Chick embryo fibroblasts (CEF) and hamster BHK21 cells transformed by the Schmidt-Ruppin strain of Rous sarcoma virus (SR-RSV) release into the culture medium a factor or factors which enhance 2- to 7-fold the formation of transformed foci by chich embryo fibroblasts infected with the Bryan strain of RSV (B-RSV). The factor(s) also increase the number of foci failing to revert to normal phenotype at restrictive temperature (41 degrees C) in cultures infected with a temperature-sensitive mutant (FU-19) of SR-RSV which is defective for transformation.
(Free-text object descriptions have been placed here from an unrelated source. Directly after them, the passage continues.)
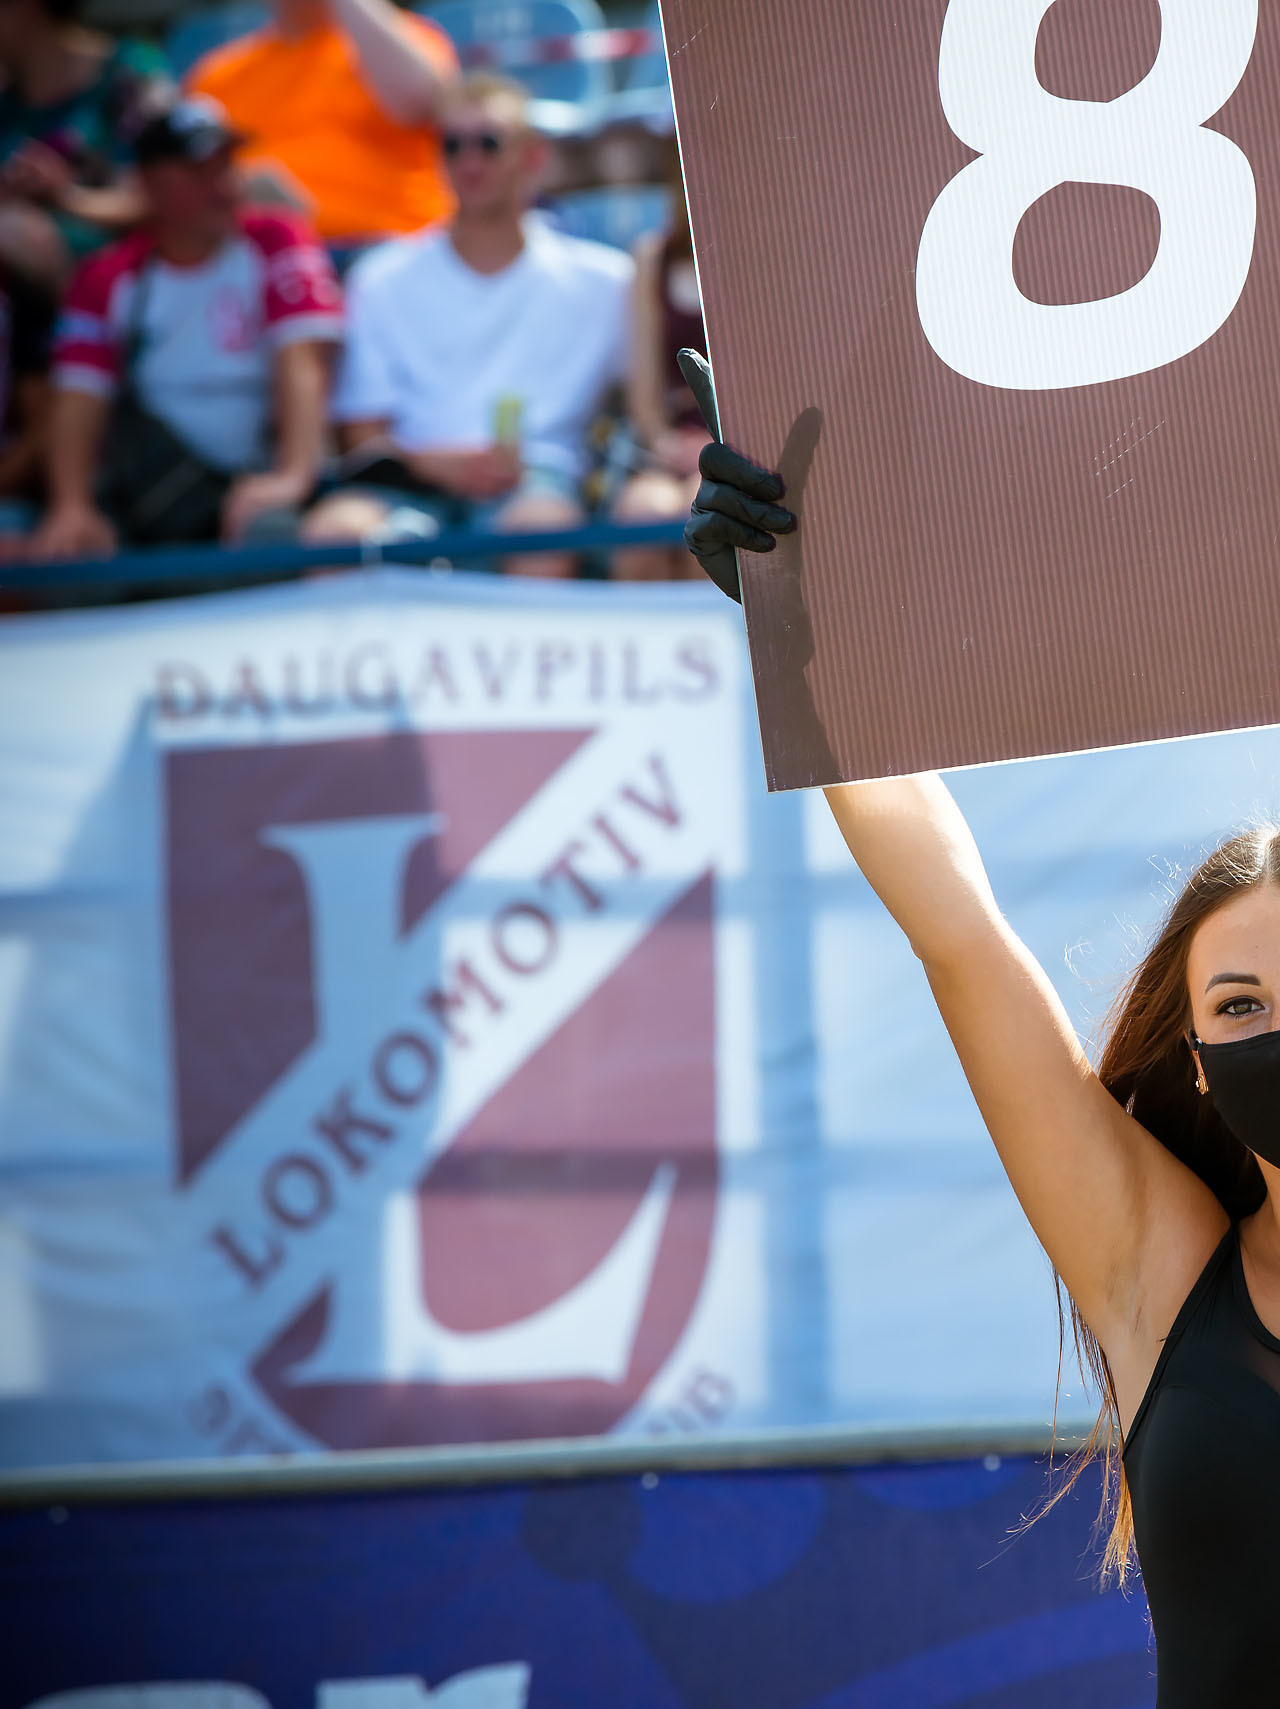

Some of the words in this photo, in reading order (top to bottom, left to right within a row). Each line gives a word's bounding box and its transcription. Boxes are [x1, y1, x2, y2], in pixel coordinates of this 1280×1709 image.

[915, 0, 1259, 390] 8
[154, 633, 721, 722] DAUGAVPILS
[208, 750, 685, 1289] LOKOMOTIV
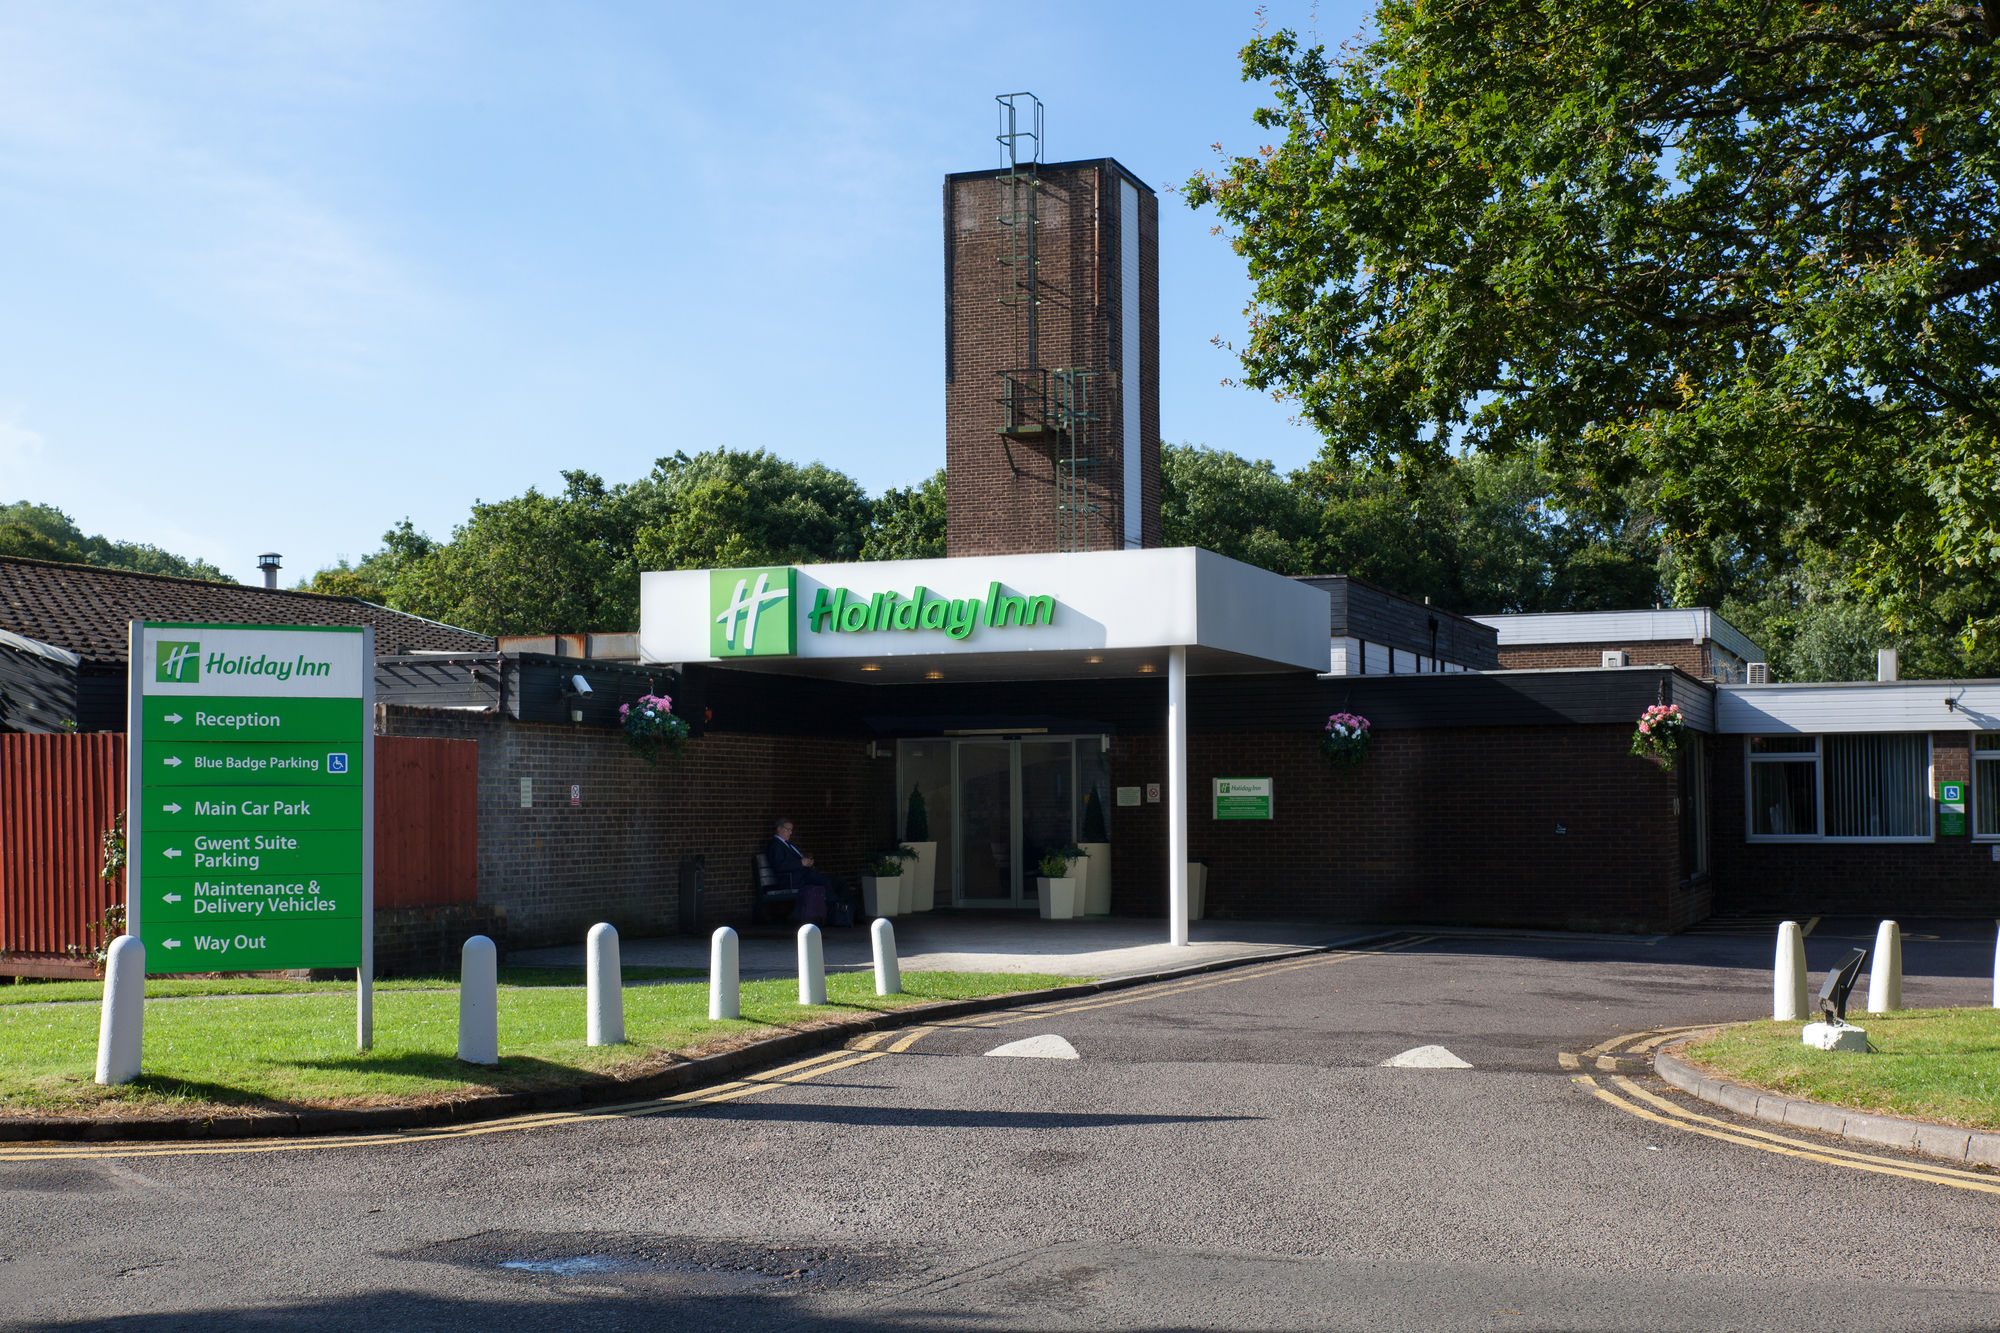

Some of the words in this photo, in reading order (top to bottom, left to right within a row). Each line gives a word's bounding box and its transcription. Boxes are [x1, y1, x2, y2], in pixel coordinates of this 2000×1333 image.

[808, 586, 980, 640] Holiday
[984, 581, 1055, 627] Inn
[206, 653, 293, 680] Holiday
[296, 655, 330, 676] Inn
[195, 712, 280, 729] Reception
[194, 756, 222, 768] Blue
[226, 757, 267, 771] Badge
[270, 757, 319, 771] Parking
[194, 801, 236, 815] Main
[241, 801, 269, 815] Car
[274, 800, 311, 815] Park
[194, 836, 250, 850] Gwent
[254, 835, 297, 850] Suite
[194, 853, 260, 871] Parking
[194, 881, 304, 896] Maintenance
[308, 880, 321, 895] &
[194, 898, 265, 916] Delivery
[268, 896, 336, 912] Vehicles
[194, 936, 230, 954] Way
[234, 935, 266, 949] Out
The factor(s) is produced also by BHK21 cells transformed by other tumor viruses and by BHK21 cells passaged for a long time, but not by normal CEF, CEF transformed by B-RSV, CEF infected by FU-19 at 41 degrees C, normal hamster embryo fibroblasts, established but density-inhibited mouse fibroblasts, or BHK21 cells of early passages. The relative enhancement of the number of B-RSV foci can be more than 100-fold when the medium contains fetal calf serum which suppresses focus formation in controls. The focus-enhacing factor(s) appears to act after infection and has been termed, operationally, transformation-enhancing factor(s) or TEF. The factor produced by RS2/3 cells which enhances the formation of B-RSV foci is non-dialyzable and thermolabile, and is presumably a protein. Its molecular weight is between 10(5) and 2 X 10(5) daltons.